Lettie und der Junge stellen sich dem Bösen und als alles wieder ins rechte Lot gerückt zu sein scheint, erhält die Familie des Jungen einen neuen Untermieter, Ursula Monkton, eine attraktive junge Frau, die sich schnell Zugang in die Herzen der Familienmitglieder verschafft und dem Jungen das Leben zur Qual macht, denn sie hat noch Großes mit ihm vor…
„Niemand sieht so aus, wie er in Wirklichkeit im Inneren ist. Du nicht. Ich nicht.“ (S. 149)
So auch Ursula Monkton. Hinter der äußeren hübschen Fassade verbergen sich verrottetes Fleisch und zerrissene Stoffbahnen.
Ja, Gaimans Romane sind schonungslos und zum Teil auch recht gruselig und brutal. Der Junge wird beinahe von seinem Vater ertränkt und muss Situationen mit ansehen, die für ein Kind seines Alters absolut nicht angemessen sind. Gaiman verwebt diese realistischen Problematiken mit einem einzigartigen Fantasygespinst. Es sind nicht die üblichen Fantasyhelden oder Bösewichte, die da aufeinandertreffen, sondern magische Neuschöpfungen, Wesen, die fern jeglicher Vorstellungskraft liegen. Ein Ententeich, der zu einem Ozean wird und dennoch in einen Eimer passt. Schattenhafte Vögel, die verrottete Stoffbahnen angreifen, alter- und zeitlose Wesen, die bereits vor Beginn der Erschaffung des Mondes auf dieser Welt waren.
„Der Ozean am Ende der Straße“ (Eichborn) ist ein magischer Fantasyroman, der dennoch realistische Problematiken des Erwachsenwerdens, wie Einsamkeit, Gewalt, Identität anspricht. Es ist aber auch ein Roman über die Phantasie der Kindheit, eine magische Zeit, in der ein Kreis im Gras zu einem Feenreif wird, in der man, ohne sich zu fragen, warum, an die Macht von Träumen glaubt. Leider geht diese Zeit viel zu schnell verloren und man wird gefangen in der tristen Wirklichkeit der Erwachsenenwelt.

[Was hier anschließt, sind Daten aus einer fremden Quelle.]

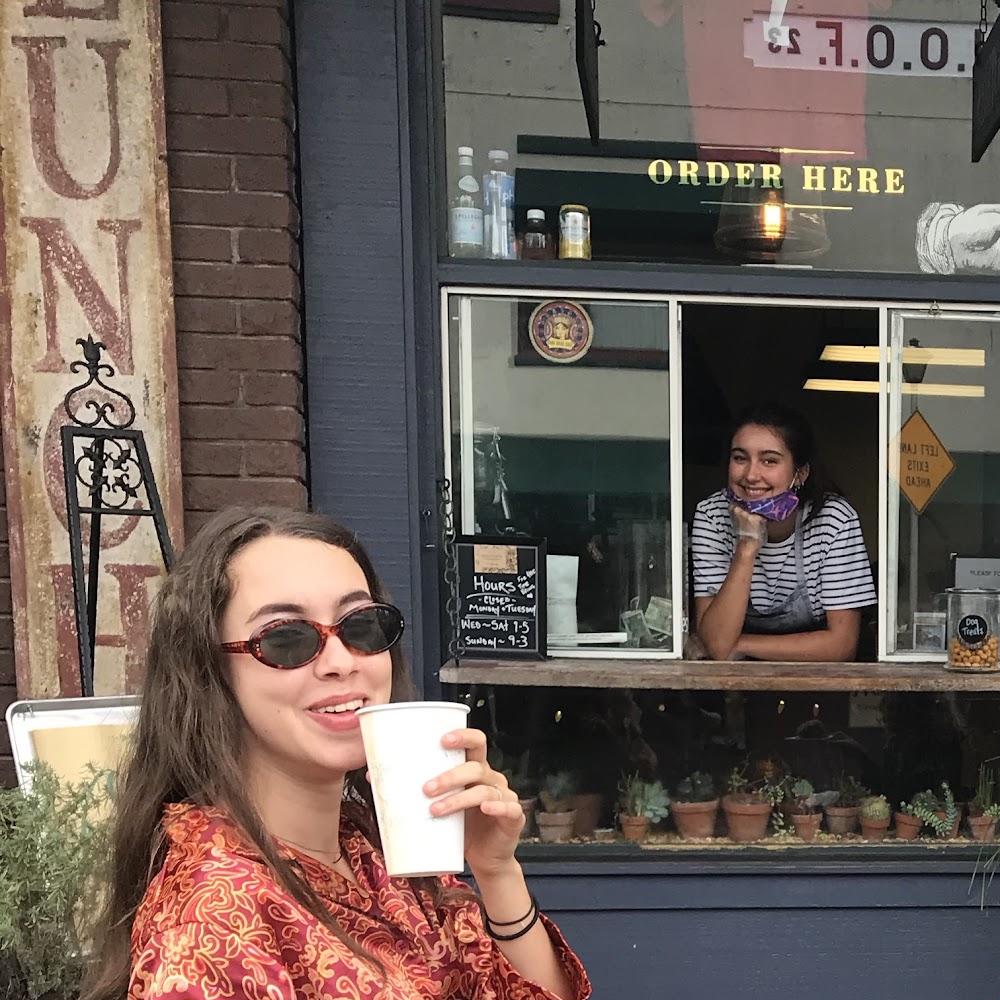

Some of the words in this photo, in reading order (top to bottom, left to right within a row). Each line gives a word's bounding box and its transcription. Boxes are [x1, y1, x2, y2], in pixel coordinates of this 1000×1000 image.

[648, 159, 783, 189] ORDER
[801, 164, 905, 195] HERE
[11, 0, 161, 697] UNCH
[965, 618, 980, 630] Dog
[508, 634, 529, 648] 9-3

Doch Neil Gaiman gelingt es mit seinem Roman „das, was unter dem dünn bemalten Gewebe der Wirklichkeit“ (S. 206) liegt, zu zeigen und die Magie der Kindheit, in der alles möglich ist, wiederauferstehen zu lassen.
Bini, nicht schon wieder ein Buch für meine WuLi…..
Ich habe das Buch vor kurzem gelesen und bin noch immer verzaubert davon! Eine tolle Geschichte und grandioser Schreibstil!